JUST LET IT BE...IT IS WHAT IT IS... 
2005-08-04 - "Let It Be", recorded before "Abbey Road'' but released last, has been pilloried by critics. While it lacks the finesse of George Martin's magic, it is still a very good album. It has two of Paul McCartney's best vocal efforts on it, in the title song, "Let It Be", which is beautiful and moving, as well as in the poignant "The Long And Winding Road". Paul's vocals are also notable in the rocking "Get Back" track.
This album comes closest to making The Beatles sound as they did when they first began recording. This is probably because they performed live for many of the tracks, which gave them the projected warmth of their earlier efforts. While Phil Spector was the producer who cobbled together this recording, he was heavily criticized for his handling of the material. Paul himself chastised him for the arrangement of "The Long and Winding Road". With The Beatles at odds amongst themselves, however, it was a miracle this recording was put to bed in the first place. Old time fans of The Beatles are thankful that Phil was able to put this last release together. Notwithstanding all the brouhaha, it is still a CD well worth having.
If it looks like the end, and sounds like the end, then... 
2004-11-09 - Historically there is a real sense in which the "Let It Be" album made it easier to accept the idea that the Beatles had broken up.
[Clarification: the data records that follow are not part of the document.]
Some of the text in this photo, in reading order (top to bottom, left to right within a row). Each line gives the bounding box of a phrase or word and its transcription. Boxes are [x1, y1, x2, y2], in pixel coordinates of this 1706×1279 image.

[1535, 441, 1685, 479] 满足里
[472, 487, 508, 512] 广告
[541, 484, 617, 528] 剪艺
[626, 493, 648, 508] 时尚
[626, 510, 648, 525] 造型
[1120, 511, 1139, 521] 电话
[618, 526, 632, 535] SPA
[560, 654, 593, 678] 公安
Not just because the album is essentially the soundtrack from the film that showed the Beatles disintegrating right before our eyes, but also because it is just not a great Beatles album, certainly not in comparison to "Abbey Road" (or even the collection of singles like "Lady Madonna" and "Hey Jude" that Apple put out after the end, most of which ended up on the CD "Past Masters - Volume Two").
The culprit who is fingered for this disaster (a Beatles album that is not "great" qualifies as a disaster), is Phil Spector, who was brought in to do some post-production mixing and overdubs. But the only song that really got the legendary "Wall of Sound" treatment was "The Long and Winding Road," with "Across the Universe" and "I Me Mine" only getting a touch of the same. That is not much to hang Spector as the primary culprit. The biggest sin here is that he did not work with the Beatles the same way that George Martin always did and the responsibility for so many of the songs being sub-standard has to fall on the Beatles who wrote them. Personally, I never liked "Let It Be" and "The Long and Winding Road" half as much as "Hey Jude" (it was like comparing all of Led Zeppelin's ambitious songs to "Stairway to Heaven" in the next decade).
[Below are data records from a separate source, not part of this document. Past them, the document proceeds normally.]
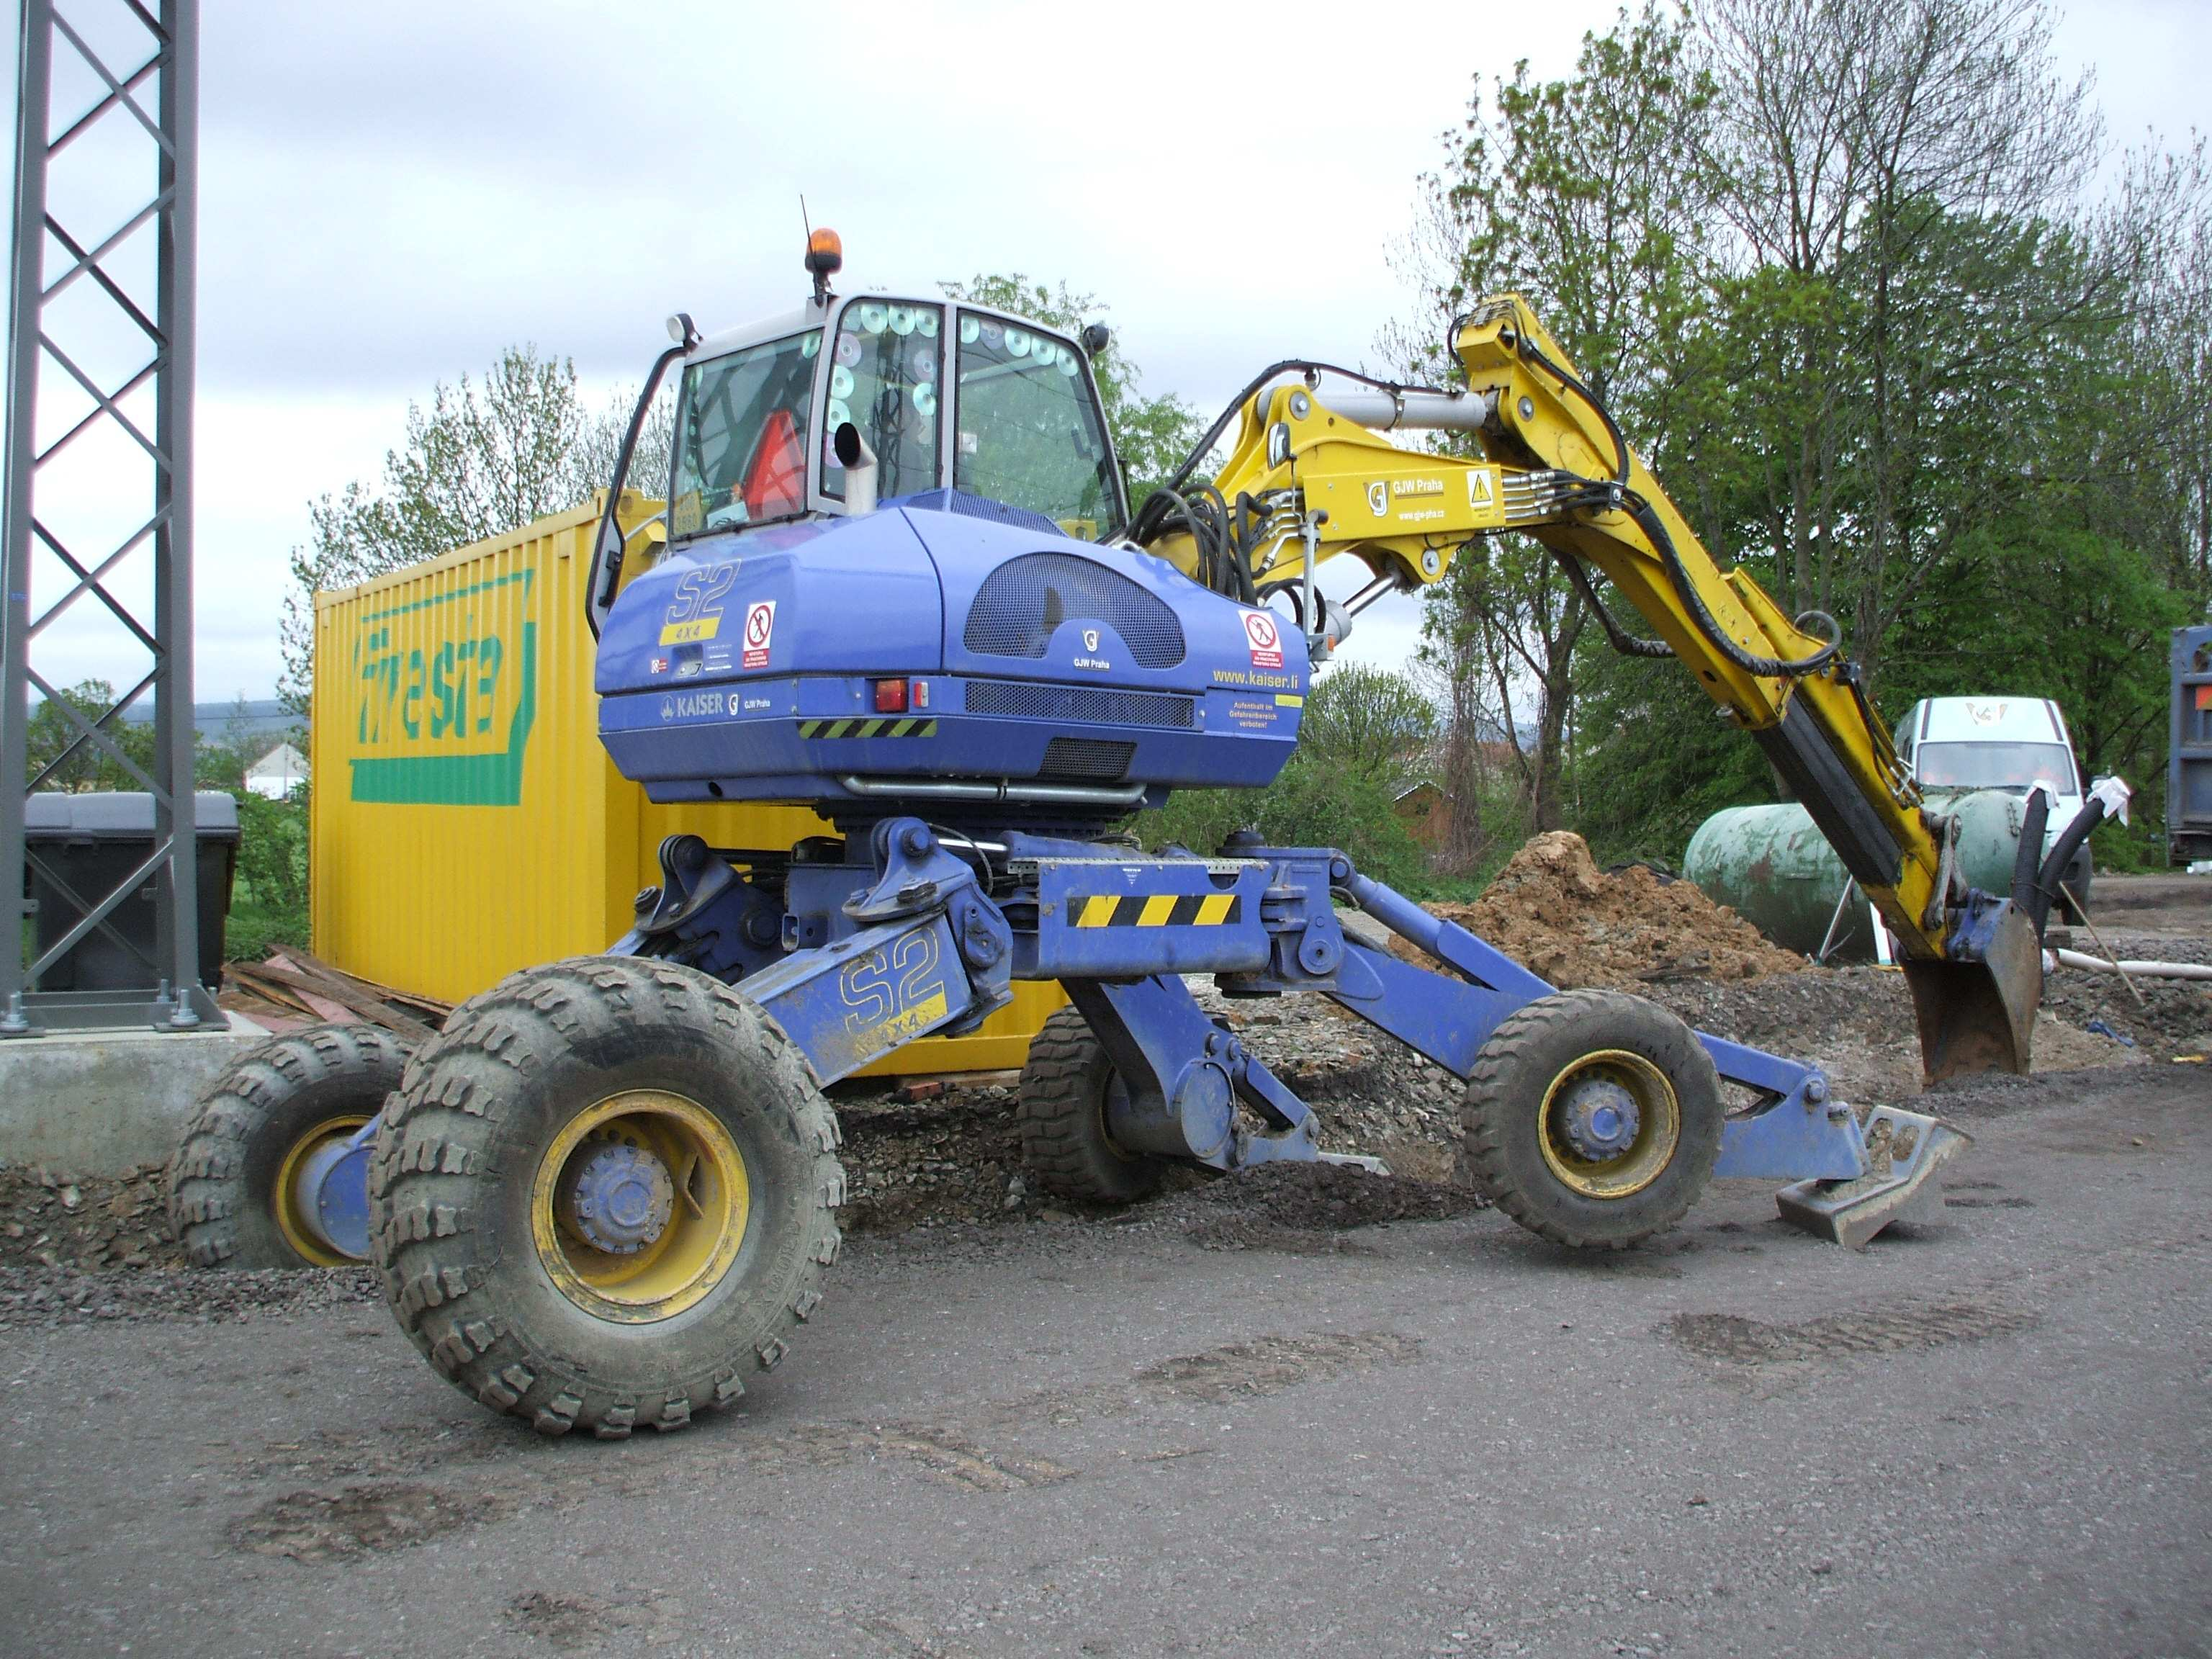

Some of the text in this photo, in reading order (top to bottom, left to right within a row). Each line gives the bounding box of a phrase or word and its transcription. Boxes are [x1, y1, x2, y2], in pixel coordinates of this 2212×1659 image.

[1393, 480, 1416, 494] GJW
[1416, 479, 1444, 493] Praha
[667, 558, 742, 626] S2
[1074, 657, 1110, 670] GJW Praha
[1213, 670, 1299, 690] www.kaiser.li
[677, 692, 724, 717] KAISER
[756, 698, 770, 709] Praha
[1233, 701, 1264, 711] Aufenthalt
[840, 927, 944, 1035] S2
It helps a little bit to recall that the idea here was that the Beatles were performing these songs live (who can forget the famous rooftop concert), in another attempt to get excited about their music. Sometimes I just think of "Let It Be" as the anti-Sgt. Pepper album, because whereas that classic Beatles album has a superb sense of construction from start to finish, the songs on this one seem to be arranged in a haphazard fashion (e.g., "Dig a Pony" followed by "Across the Universe"). I know this seems a strange thing to say after "The White Album" and side 2 of "Abbey Road," but both of those albums still have cohesiveness even when they are splicing unfinished songs together that this one is totally missing. Maybe on a subliminal level the group was telling the world "You WANT us to break up, because this is what you get from here on out."
The bottom line is I still listen to this one from time to time, but still a lot less than any other Beatles album (yes, I listen to "side 1" of the "Yellow Submarine" soundtrack more than "Let It Be"). Besides, everybody knows it is not a real Beatles album if George Martin is not the producer. When "Let It Be...Naked" came out in 2003, having mixed out Spector's contributions, deleted the bits of conversation, cut a couple of songs ("Dig It" and "Maggie Mae"), added "Don't Let Me Down," and resequenced the tracks, it just struck me as too little too late. At best it was a marginally better album. No wonder "Abbey Road" is considered the "last" Beatles album. It is not just because it was recorded after "Let It Be," but because it lets the Beatles go out on a much higher note (plus "The End" gets to serve as a benediction of sorts).